Thursday, 30 May 2013

Corpus Christi

The feast of Corpus Christi is a Double of the First Class with a privileged Octave of the Second Order. The liturgical colour of the feast, and its Octave, is white.

At Vespers yesterday afternoon the antiphons Sacerdos in aeternum etc were sung with psalms 109, 110, 115, 127 & 147. The chapter, hymn, versicle and response, antiphon on the Magnificat and collect were all proper to the feast. There were no commemorations.

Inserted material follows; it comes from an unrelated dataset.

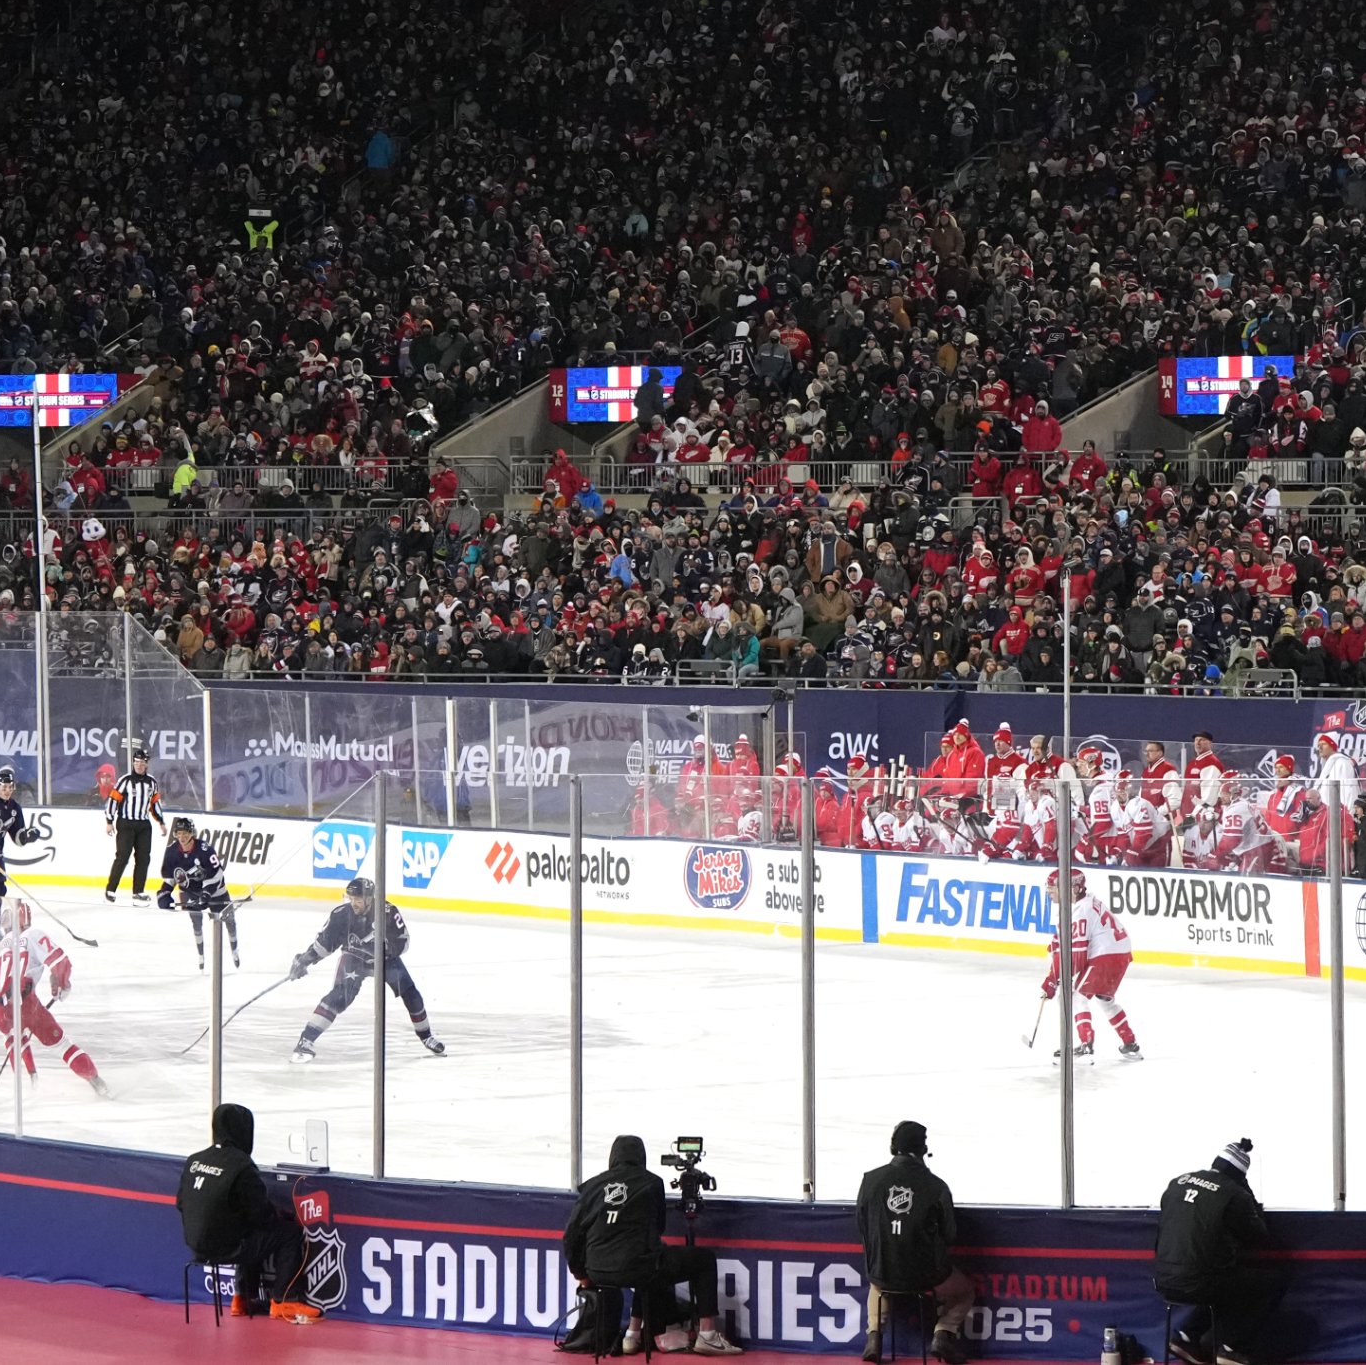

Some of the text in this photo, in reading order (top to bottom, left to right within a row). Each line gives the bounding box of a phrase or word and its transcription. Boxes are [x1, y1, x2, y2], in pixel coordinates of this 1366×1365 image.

At Compline Te lucis was sung with the melody and Doxology of the Incarnation, Jesu tibi sit gloria, Qui natus es de Virgine, Cum Patre et almo Spiritu, In sempiterna saecula.

At Mattins the invitatory is Christum Regem adoremus dominantem Gentibus: Qui se manducantibus dat spiritus pinguedinem and the Office hymn is Sacris solemnis. The antiphons and psalms are proper at each of the nocturns. In the first nocturn the antiphons Fructum salutiferum etc are sung with psalms 1, 4 & 15. The lessons are taken from the First Epistle of St. Paul to the Corinthians. In the second nocturn the antiphons Memor sit Dominus etc are sung with psalms 19, 22 & 41, the lessons are taken from the writings of St. Thomas Aquinas. In the third nocturn Introibo ad altare Dei etc are sung with psalms 42, 80 & 83. The homily is from St. Augustine on St. John's Gospel. The Te Deum is sung. At Lauds the antiphons, Sapientia etc., are a different set to those sung at Vespers. These are sung with the Dominical psalms (92, 99, 62, Benedicite & 148. The Office hymn is Verbum supernum. There are no commemorations.

At the Hours the antiphons from Lauds are sung with the festal psalms. The Office hymns are sung with the melody and Doxology of the Incarnation. At Prime (Pss. 53, 118i & 118ii) the versicle Qui natus es is inserted into the short responsory and the lectio brevis is Quicumque manducaverit panem etc.

The Mass, Cibavit eos, is sung after Terce. The Gloria is sung, the Sequence Lauda Sion is sung, the Creed is sung and the preface is of the Nativity. Two large altar breads are placed on the corporal and consecrated. After the consecration the rubrics for Mass coram Sanctissimo are followed, with the celebrant not turning his back on the altar. Ite, missa est, the blessing and last Gospel are said as normal. After Mass the celebrant exchanges his chausuble for a cope and a Procession takes place. The Caermoniale Episcoporum, Lib. II, Cap. XXXIII, gives detailed instructions for the Procession (indeed so detailed they forsee the bishop having to excommunicate persons who cannot agree their respective position in procession - c.f. #3!) It also sanctions the practice of Mass and Vespers coram Sanctissimo during the Octave.

At Second Vespers all is at First Vespers except the antiphon on the Magnificat which is proper. After the collect of the feast a commemoration is sung of St. Angela Merici. At Compline Te lucis is sung with the melody and Doxology of the Incarnation and the Dominical preces are omitted throughout the Octave.

In the 'liturgical books of 1962' the hymns of the Hours do not have their Doxology changed in honour of the Incarnation. At Prime the versicle is of the season, not of the Incarnation, and the lectio brevis is of the season too. At Mass the common preface is sung. When a Procession takes place Benedicamus Domino is sung instead of Ite, missa est, the blessing and last Gospel are omitted. The Octave has been abolished.


The Rad Trad said...

A question about 1962: most all "1962 Missals" printed since 2007 have a "Gallican" preface of the Blessed Sacrament. Is this optional on Corpus Christi? Compulsory? Has there been some transformation of our understanding of this preface (was it used in French-speaking nations and has since become part of 1962 at large)?

Rubricarius said...

I was of the understanding, though I may be wrong, that the Gallican prefaces (Advent, Blessed Sacrament, Dedication, St. John the Baptist, Founder and of the Saints) were approved only for dioceses in France.

The preface for the Blessed Sacrament (also for use on Mandy Thursday) is from the Lyon rite.

The Rad Trad said...

Perhaps they were originally, but they seem to be printed without discrimination now.

Rubricarius said...

They were not in the 'official', June version, of MR1962 published in Rome but appeared in French editions - as a copy in my collection (Mame, January 1962).

The Rad Trad said...

Thank you for that. A little research indicates the USA started printing them in 1963 (Benzinger edition). Their widespread use among "EF" communities is a fact, but perhaps dubious if you want to be a 196 stickler.